Records drawn from a dataset ▸
▬▬▬▬▬▬

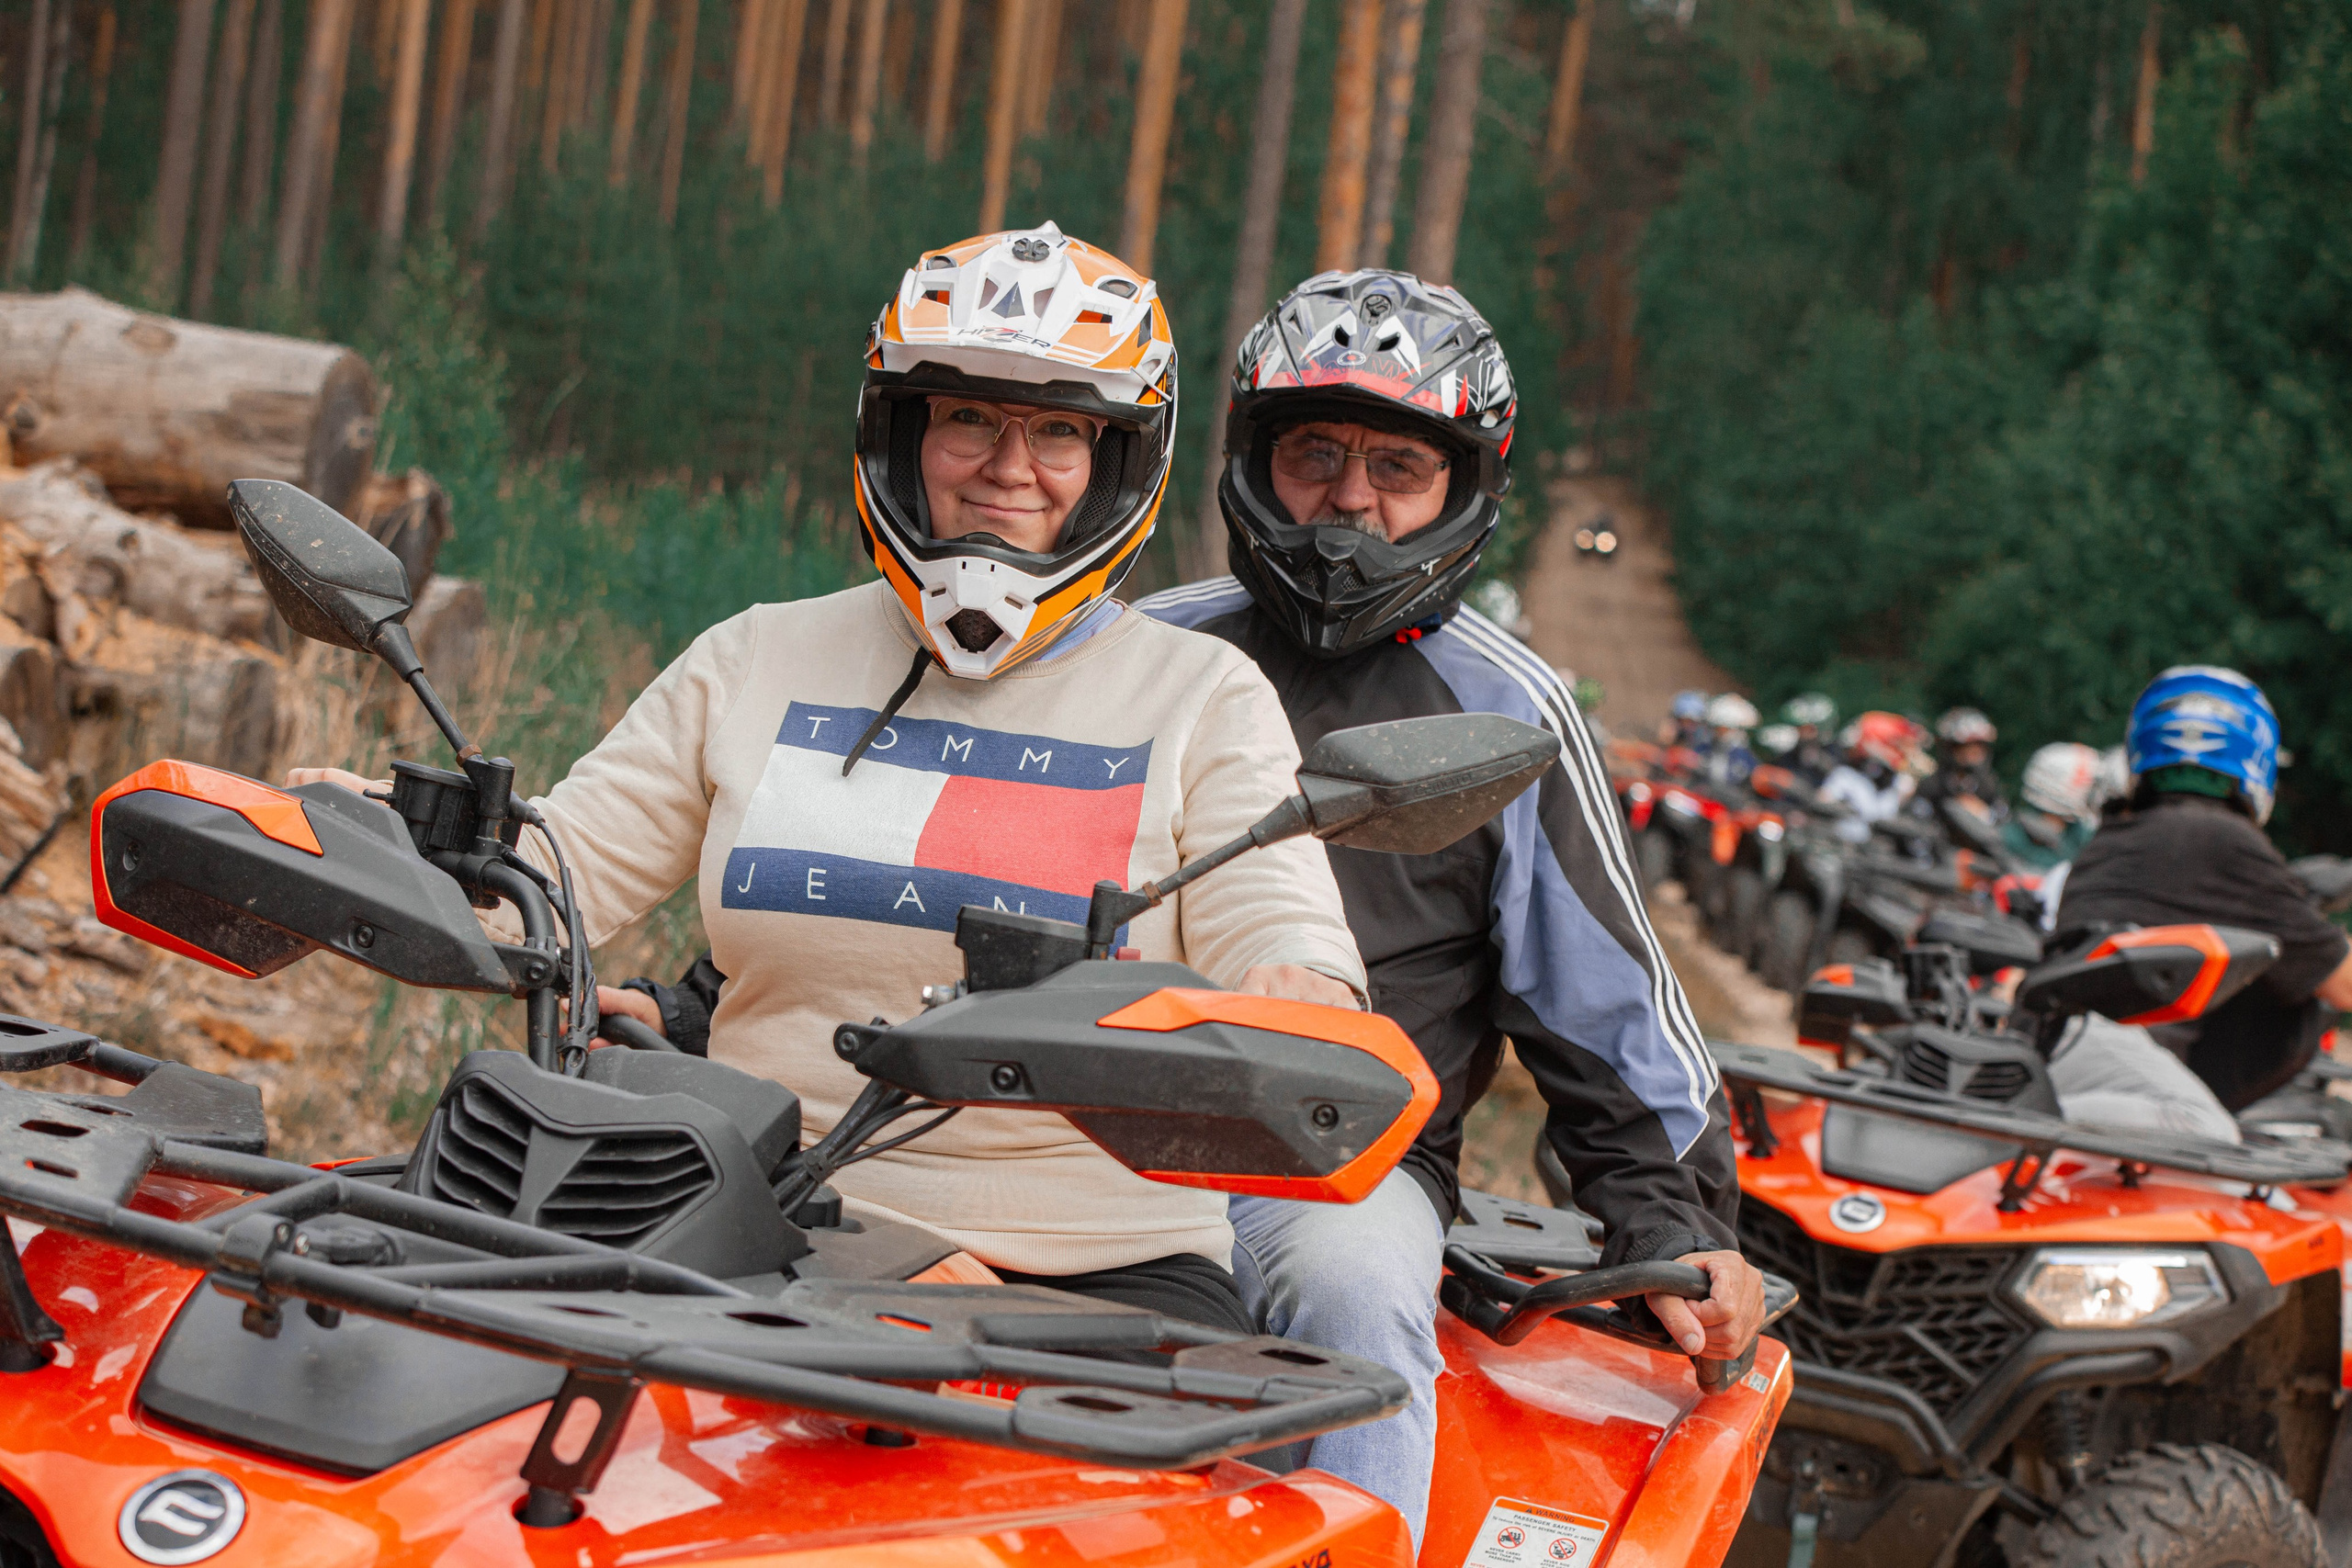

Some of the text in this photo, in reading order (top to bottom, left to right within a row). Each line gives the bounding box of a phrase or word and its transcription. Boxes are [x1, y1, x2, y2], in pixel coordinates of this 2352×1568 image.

[807, 716, 1130, 779] TOMMY
[737, 862, 1025, 916] JEA
[1513, 1515, 1577, 1532] PASSENGER SAFETY
[1536, 1509, 1576, 1523] WARNING
[1488, 1554, 1515, 1563] PASSENGER

▬▬▬▬▬▬

When you repeat the data, keep it exact and drop every picture.

Some of the text in this photo, in reading order (top to bottom, left to right within a row). Each line gives the bounding box of a phrase or word and its transcription. Boxes are [x1, y1, x2, y2], in pixel coordinates of this 2352×1568 image.

[807, 716, 1130, 779] TOMMY
[737, 862, 1025, 916] JEA
[1513, 1515, 1577, 1532] PASSENGER SAFETY
[1536, 1509, 1576, 1523] WARNING
[1488, 1554, 1515, 1563] PASSENGER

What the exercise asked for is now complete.